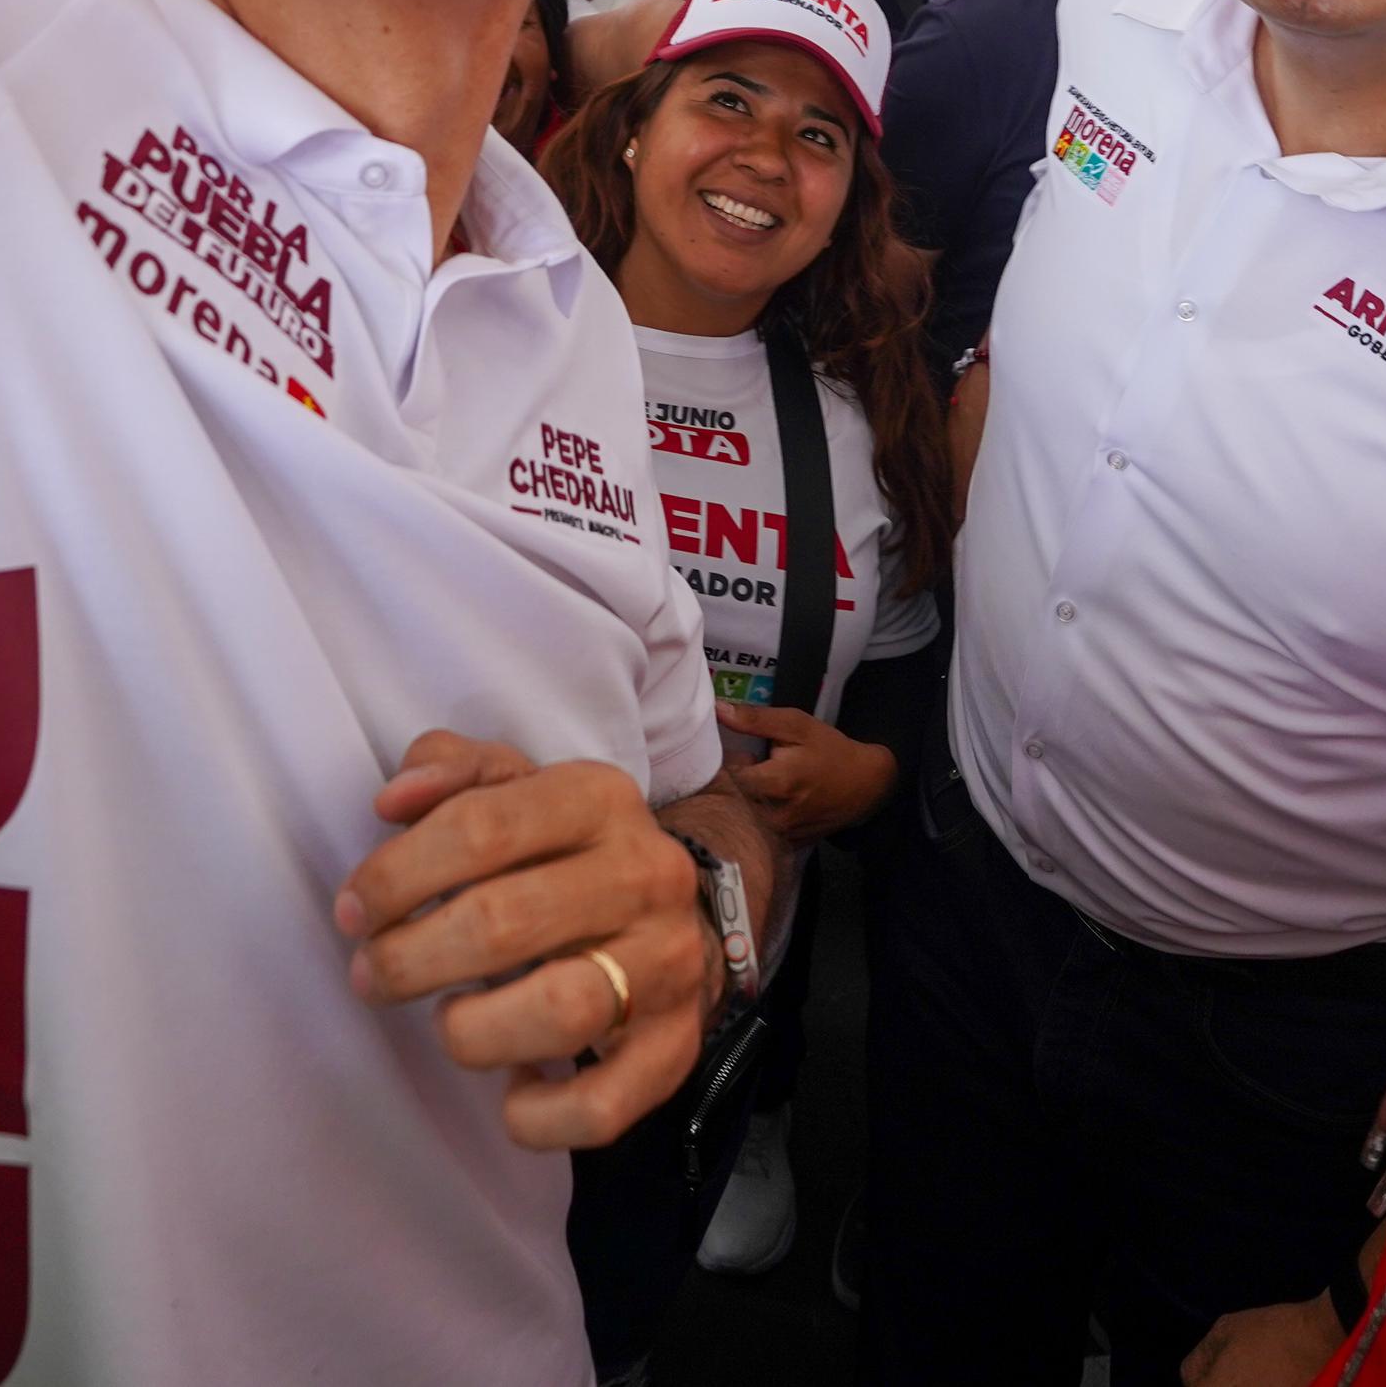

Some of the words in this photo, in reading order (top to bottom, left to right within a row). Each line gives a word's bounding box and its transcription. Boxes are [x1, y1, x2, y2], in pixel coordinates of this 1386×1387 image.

[1064, 104, 1137, 176] morena
[172, 125, 255, 215] POR
[263, 200, 309, 266] LA
[129, 128, 332, 335] PUEBLA
[195, 229, 324, 361] FUTURO
[541, 422, 604, 475] PEPE
[509, 457, 637, 526] CHEDRAUI
[673, 565, 776, 607] ADOR
[736, 652, 763, 668] EN
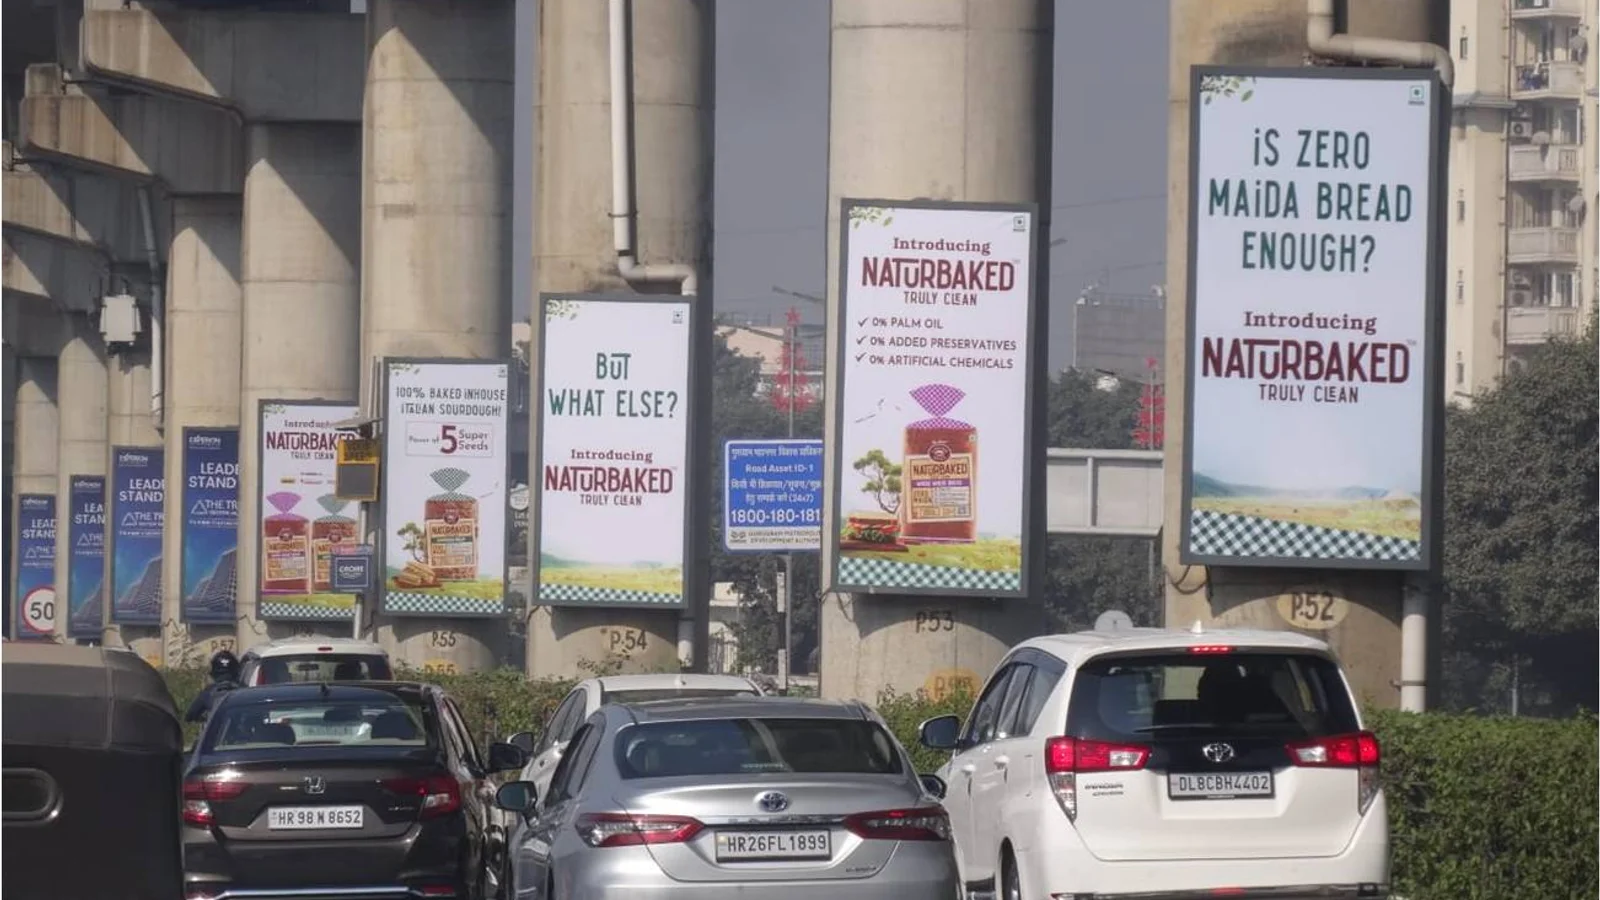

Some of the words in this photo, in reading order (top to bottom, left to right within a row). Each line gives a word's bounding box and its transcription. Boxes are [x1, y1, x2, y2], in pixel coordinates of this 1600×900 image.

[1296, 130, 1370, 170] ZERO
[1316, 181, 1412, 222] BREAD
[893, 237, 992, 256] Introducing
[1241, 231, 1376, 273] ENOUGH?
[862, 256, 1015, 291] NATURBAKED
[904, 291, 938, 305] TRULY
[944, 292, 978, 306] CLEAN
[872, 317, 887, 328] 0%
[891, 317, 921, 329] PALM
[924, 318, 944, 330] OIL
[1243, 311, 1377, 336] Introducing
[870, 337, 885, 347] 0%
[889, 336, 927, 348] ADDED
[930, 337, 1017, 351] PRESERVATIVES
[870, 355, 885, 366] 0%
[888, 354, 946, 367] ARTIFICIAL
[949, 357, 1013, 369] CHEMICALS
[1202, 336, 1410, 383] NATURBAKED
[396, 386, 425, 399] 100%
[429, 387, 461, 400] BAKED
[1259, 384, 1305, 402] TRULY
[1313, 385, 1359, 404] CLEAN
[440, 403, 502, 417] SOURDOUGH!
[548, 388, 605, 417] WHAT
[616, 390, 678, 418] ELSE?
[440, 425, 457, 454] 5
[458, 429, 488, 440] Super
[458, 440, 488, 451] Seeds
[570, 449, 654, 464] Introducing
[745, 463, 767, 473] Road
[188, 476, 236, 489] STAND
[545, 465, 674, 494] NATURBAKED
[119, 490, 164, 502] STAND
[580, 494, 609, 506] TRULY
[614, 494, 643, 506] CLEAN
[205, 499, 225, 509] THE
[134, 511, 152, 521] THE
[731, 508, 820, 523] 1800-180-181
[30, 601, 55, 620] 50
[1291, 591, 1334, 621] P.52
[915, 610, 954, 633] P.53
[610, 629, 648, 650] P.54
[278, 812, 294, 825] HR
[297, 811, 314, 825] 98
[328, 810, 361, 824] 8652
[727, 834, 827, 852] HR26FL1899

GOAL OF THE EXERCISE -
All the records above need to be given again word for word. Skip the pictures.

RESULT OF THE EXERCISE -
Some of the words in this photo, in reading order (top to bottom, left to right within a row). Each line gives a word's bounding box and its transcription. Boxes are [x1, y1, x2, y2], in pixel coordinates of this 1386×1387 image.

[1064, 104, 1137, 176] morena
[172, 125, 255, 215] POR
[263, 200, 309, 266] LA
[129, 128, 332, 335] PUEBLA
[195, 229, 324, 361] FUTURO
[541, 422, 604, 475] PEPE
[509, 457, 637, 526] CHEDRAUI
[673, 565, 776, 607] ADOR
[736, 652, 763, 668] EN

Some of the words in this photo, in reading order (top to bottom, left to right within a row). Each line gives a word's bounding box and its transcription. Boxes are [x1, y1, x2, y2], in pixel coordinates of this 1600×900 image.

[1296, 130, 1370, 170] ZERO
[1316, 181, 1412, 222] BREAD
[893, 237, 992, 256] Introducing
[1241, 231, 1376, 273] ENOUGH?
[862, 256, 1015, 291] NATURBAKED
[904, 291, 938, 305] TRULY
[944, 292, 978, 306] CLEAN
[872, 317, 887, 328] 0%
[891, 317, 921, 329] PALM
[924, 318, 944, 330] OIL
[1243, 311, 1377, 336] Introducing
[870, 337, 885, 347] 0%
[889, 336, 927, 348] ADDED
[930, 337, 1017, 351] PRESERVATIVES
[870, 355, 885, 366] 0%
[888, 354, 946, 367] ARTIFICIAL
[949, 357, 1013, 369] CHEMICALS
[1202, 336, 1410, 383] NATURBAKED
[396, 386, 425, 399] 100%
[429, 387, 461, 400] BAKED
[1259, 384, 1305, 402] TRULY
[1313, 385, 1359, 404] CLEAN
[440, 403, 502, 417] SOURDOUGH!
[548, 388, 605, 417] WHAT
[616, 390, 678, 418] ELSE?
[440, 425, 457, 454] 5
[458, 429, 488, 440] Super
[458, 440, 488, 451] Seeds
[570, 449, 654, 464] Introducing
[745, 463, 767, 473] Road
[188, 476, 236, 489] STAND
[545, 465, 674, 494] NATURBAKED
[119, 490, 164, 502] STAND
[580, 494, 609, 506] TRULY
[614, 494, 643, 506] CLEAN
[205, 499, 225, 509] THE
[134, 511, 152, 521] THE
[731, 508, 820, 523] 1800-180-181
[30, 601, 55, 620] 50
[1291, 591, 1334, 621] P.52
[915, 610, 954, 633] P.53
[610, 629, 648, 650] P.54
[278, 812, 294, 825] HR
[297, 811, 314, 825] 98
[328, 810, 361, 824] 8652
[727, 834, 827, 852] HR26FL1899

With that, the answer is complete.